[Stored data entries]
┄┄┄┄┄┄
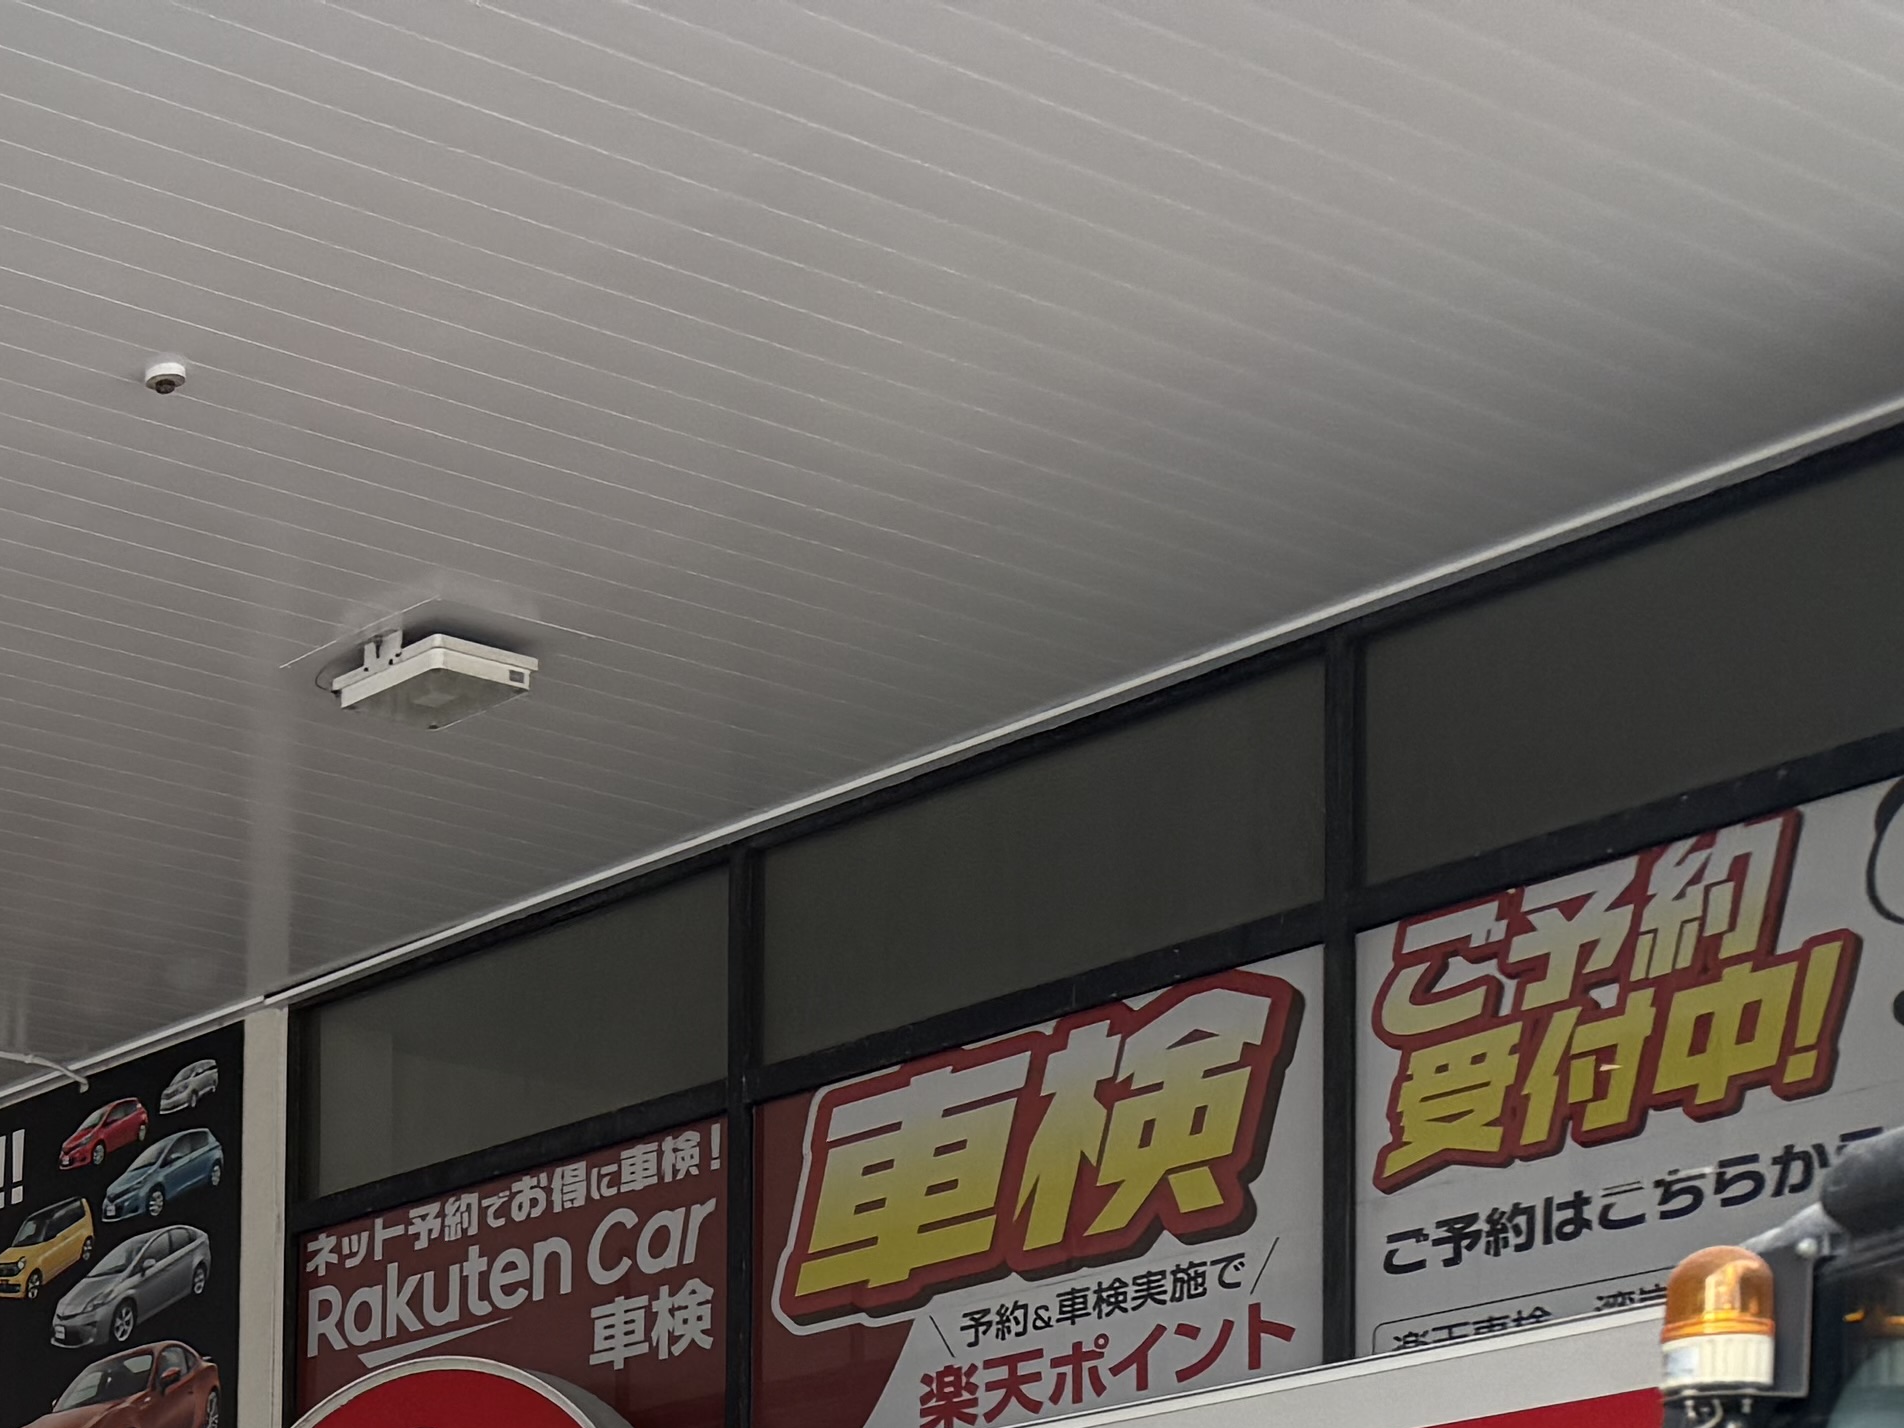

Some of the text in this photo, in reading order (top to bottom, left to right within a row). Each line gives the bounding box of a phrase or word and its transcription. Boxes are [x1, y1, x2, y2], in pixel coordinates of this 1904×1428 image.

[1382, 818, 1783, 1036] ご予約
[1380, 938, 1844, 1178] 受付中!
[306, 1123, 723, 1275] ネット予約でお得に車検!
[794, 986, 1272, 1297] 車検
[307, 1197, 717, 1359] Rakuten Car
[589, 1278, 715, 1370] 車検
[960, 1252, 1244, 1348] 予約&車検実施で
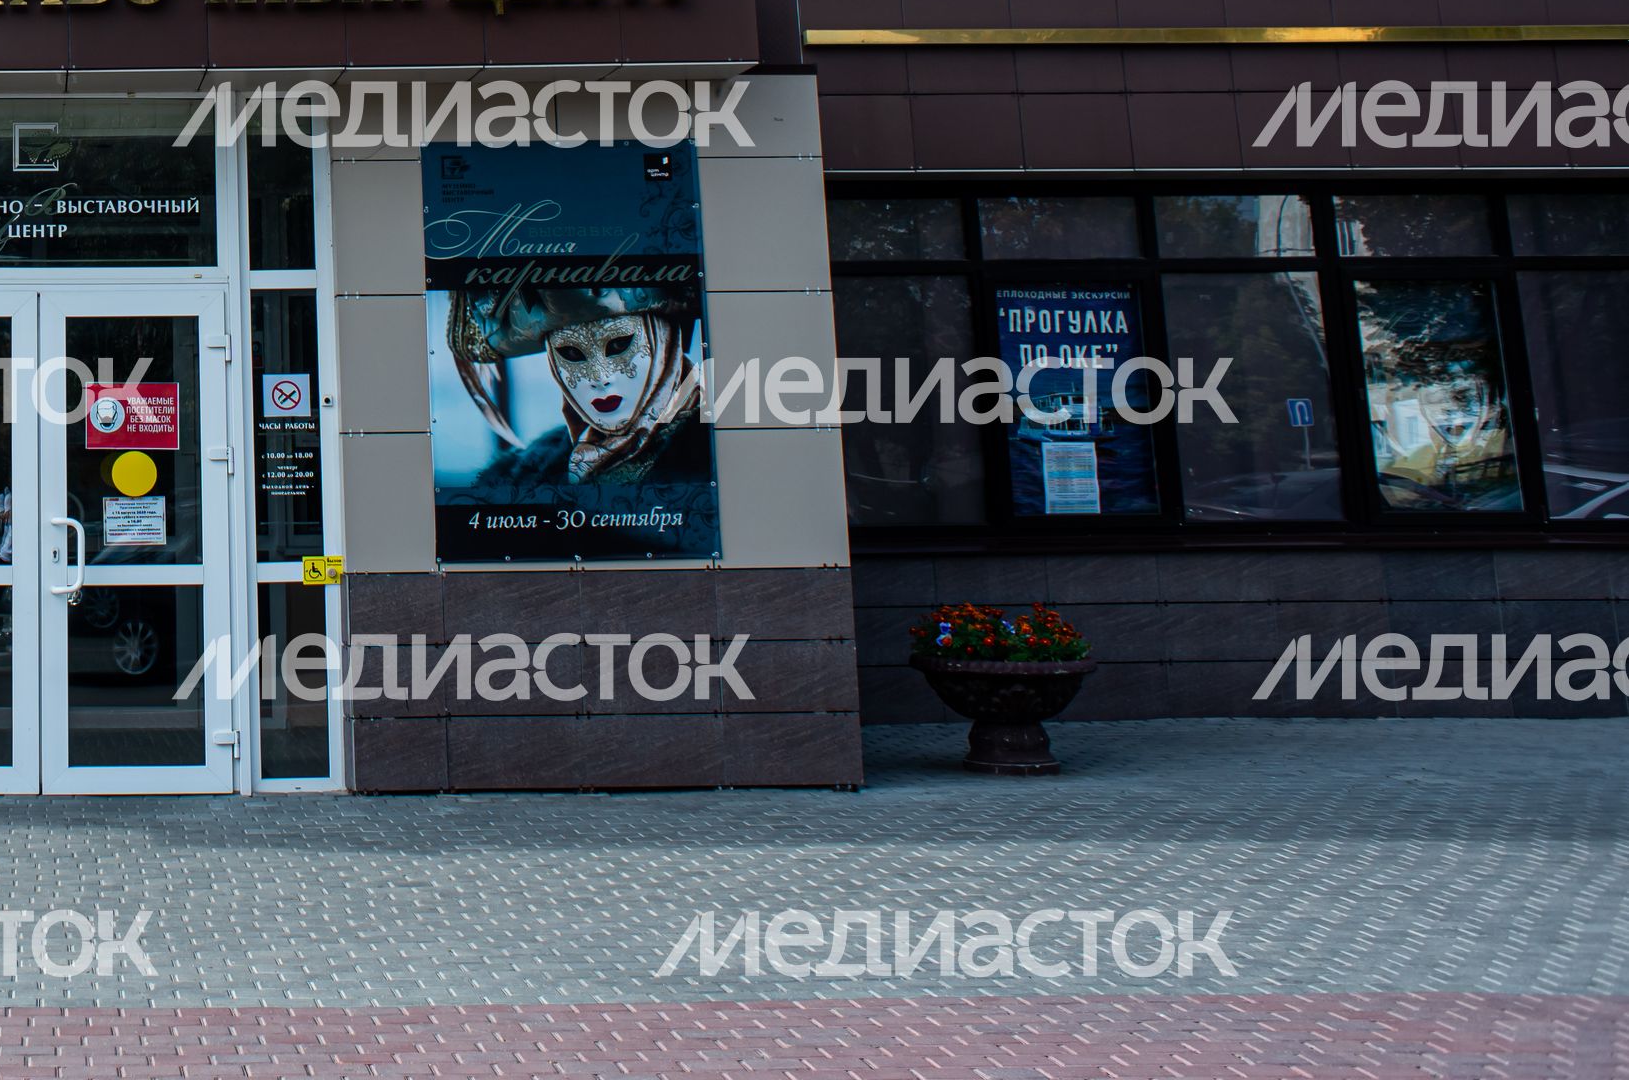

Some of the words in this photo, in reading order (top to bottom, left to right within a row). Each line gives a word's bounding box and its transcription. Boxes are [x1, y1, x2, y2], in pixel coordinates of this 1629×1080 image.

[56, 195, 200, 214] ВЫСТАВОЧНЫЙ
[8, 223, 68, 239] ЦЕНТР
[424, 199, 578, 260] Магия
[528, 223, 625, 238] выставка
[464, 233, 692, 314] карнавала
[1071, 290, 1131, 300] ЭКСКУРСИИ
[1019, 344, 1048, 368] ПО
[127, 396, 174, 405] УВАЖАЕМЫЕ
[126, 406, 175, 414] ПОСЕТИТЕЛИ!
[130, 415, 143, 423] БЕЗ
[145, 415, 171, 423] МАСОК
[259, 422, 281, 430] ЧАСЫ
[285, 422, 315, 430] РАБОТЫ
[127, 424, 137, 432] НЕ
[139, 424, 174, 433] ВХОДИТЬ!
[469, 512, 480, 529] 4
[486, 515, 538, 529] июля
[591, 506, 684, 532] сентября
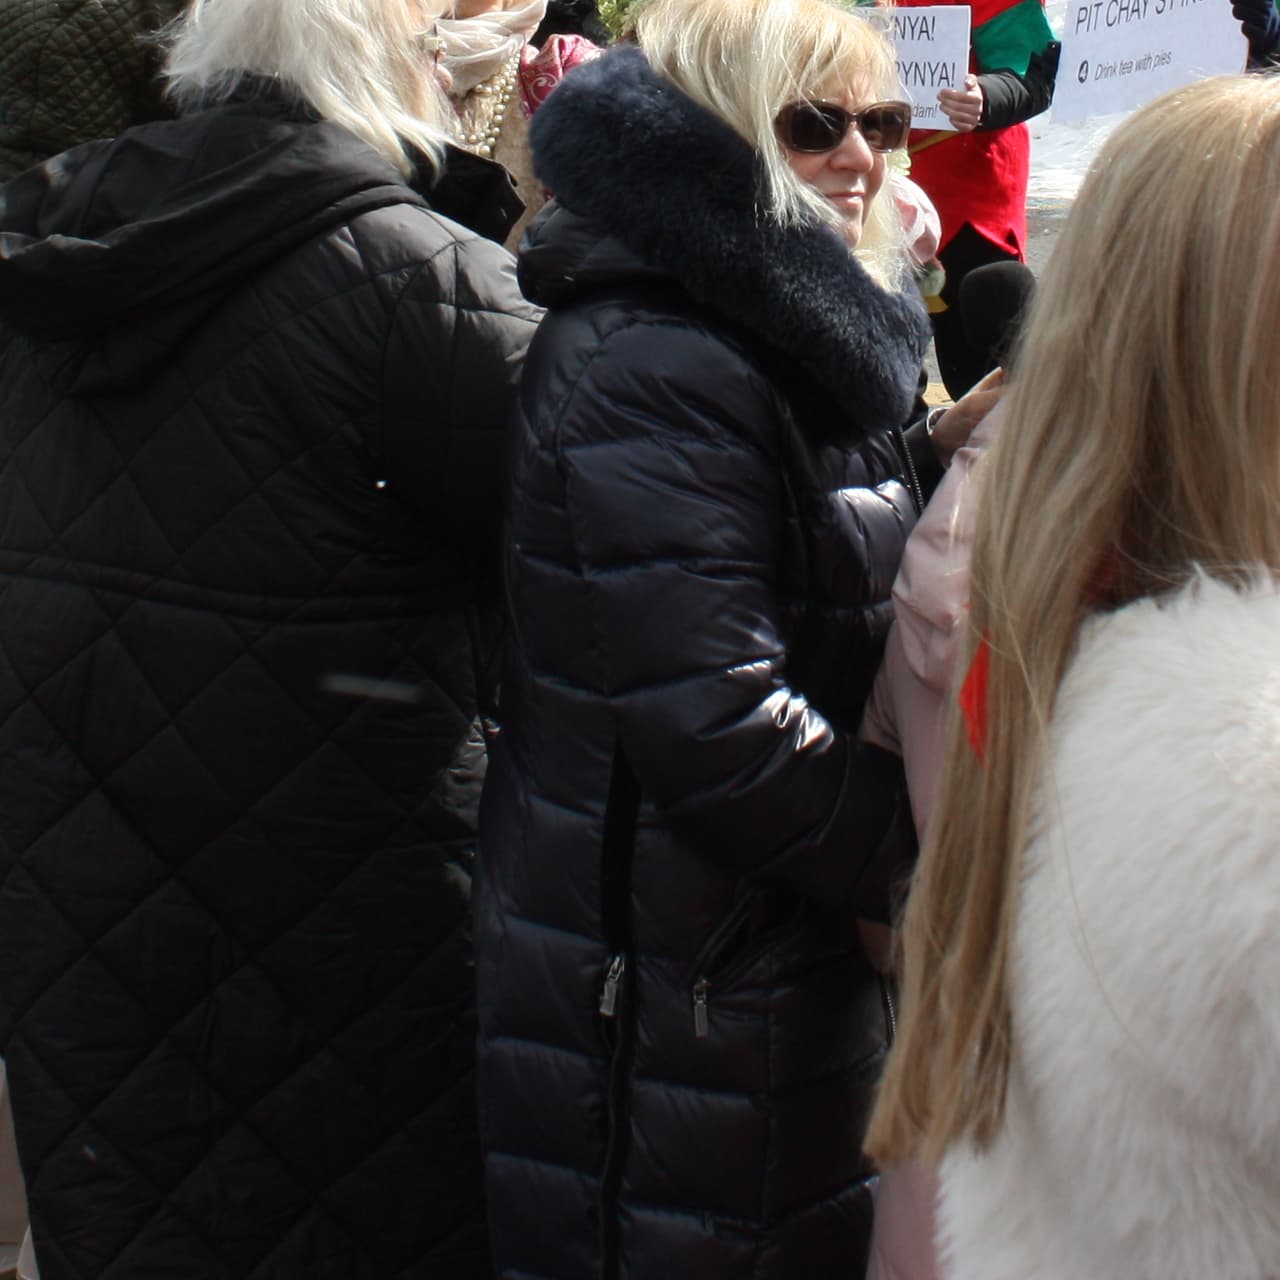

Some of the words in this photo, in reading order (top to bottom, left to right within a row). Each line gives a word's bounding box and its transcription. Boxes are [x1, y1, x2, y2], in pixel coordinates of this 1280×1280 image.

[886, 15, 936, 41] NYA!
[1076, 2, 1103, 35] PIT
[1094, 63, 1119, 81] Drink
[1119, 59, 1134, 75] tea
[1135, 53, 1153, 72] with
[1153, 50, 1172, 71] pies
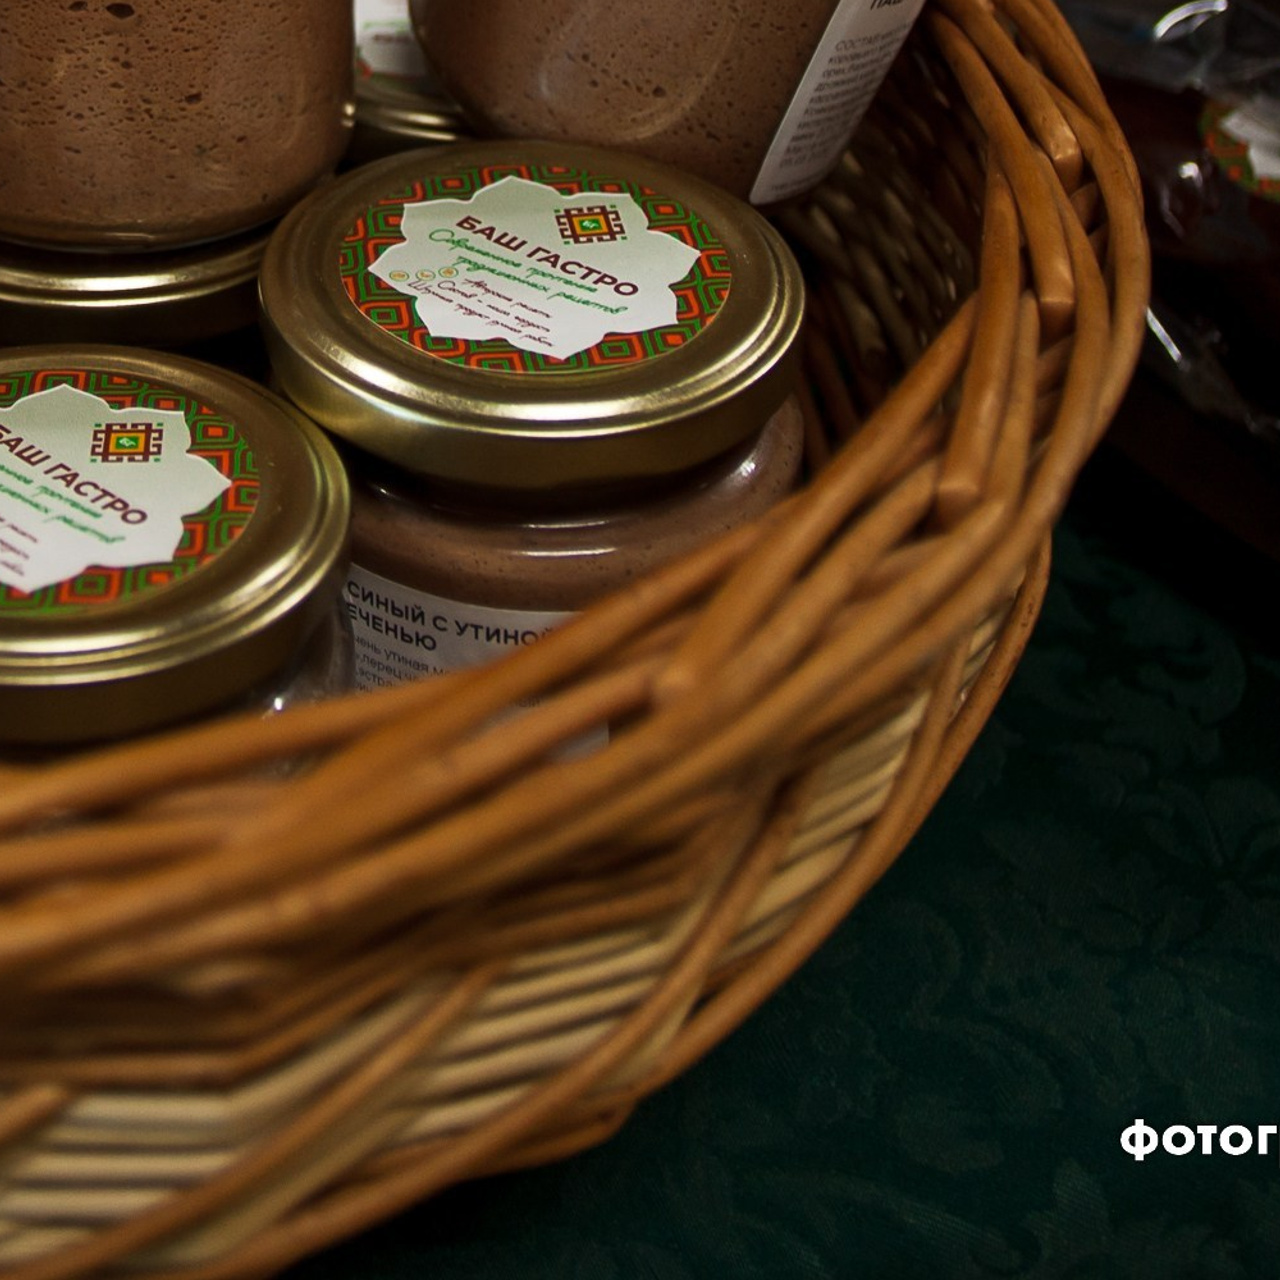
┄┄┄┄┄┄
◆ Instructions for the task:
What you output should match the records line for line, minus the pictures.

◆ Result below:
Some of the text in this photo, in reading order (top to bottom, left to right within a row). Each line gives the bounding box of a phrase or word and its transcription. Boxes are [x1, y1, x2, y2], in pixel coordinates of this 1904×1428 image.

[1382, 818, 1783, 1036] ご予約
[1380, 938, 1844, 1178] 受付中!
[306, 1123, 723, 1275] ネット予約でお得に車検!
[794, 986, 1272, 1297] 車検
[307, 1197, 717, 1359] Rakuten Car
[589, 1278, 715, 1370] 車検
[960, 1252, 1244, 1348] 予約&車検実施で

Some of the words in this photo, in reading order (top to bottom, left to right within a row). Each line gives a word's bounding box and its transcription. Boxes are [x1, y1, x2, y2], in pixel coordinates of this 1629×1080 image.

[56, 195, 200, 214] ВЫСТАВОЧНЫЙ
[8, 223, 68, 239] ЦЕНТР
[424, 199, 578, 260] Магия
[528, 223, 625, 238] выставка
[464, 233, 692, 314] карнавала
[1071, 290, 1131, 300] ЭКСКУРСИИ
[1019, 344, 1048, 368] ПО
[127, 396, 174, 405] УВАЖАЕМЫЕ
[126, 406, 175, 414] ПОСЕТИТЕЛИ!
[130, 415, 143, 423] БЕЗ
[145, 415, 171, 423] МАСОК
[259, 422, 281, 430] ЧАСЫ
[285, 422, 315, 430] РАБОТЫ
[127, 424, 137, 432] НЕ
[139, 424, 174, 433] ВХОДИТЬ!
[469, 512, 480, 529] 4
[486, 515, 538, 529] июля
[591, 506, 684, 532] сентября

Some of the words in this photo, in reading order (top to bottom, left to right within a row). Each line gives a word's bounding box and its transcription. Boxes are [x1, y1, x2, y2], in pixel coordinates of this 1280×1280 image.

[886, 15, 936, 41] NYA!
[1076, 2, 1103, 35] PIT
[1094, 63, 1119, 81] Drink
[1119, 59, 1134, 75] tea
[1135, 53, 1153, 72] with
[1153, 50, 1172, 71] pies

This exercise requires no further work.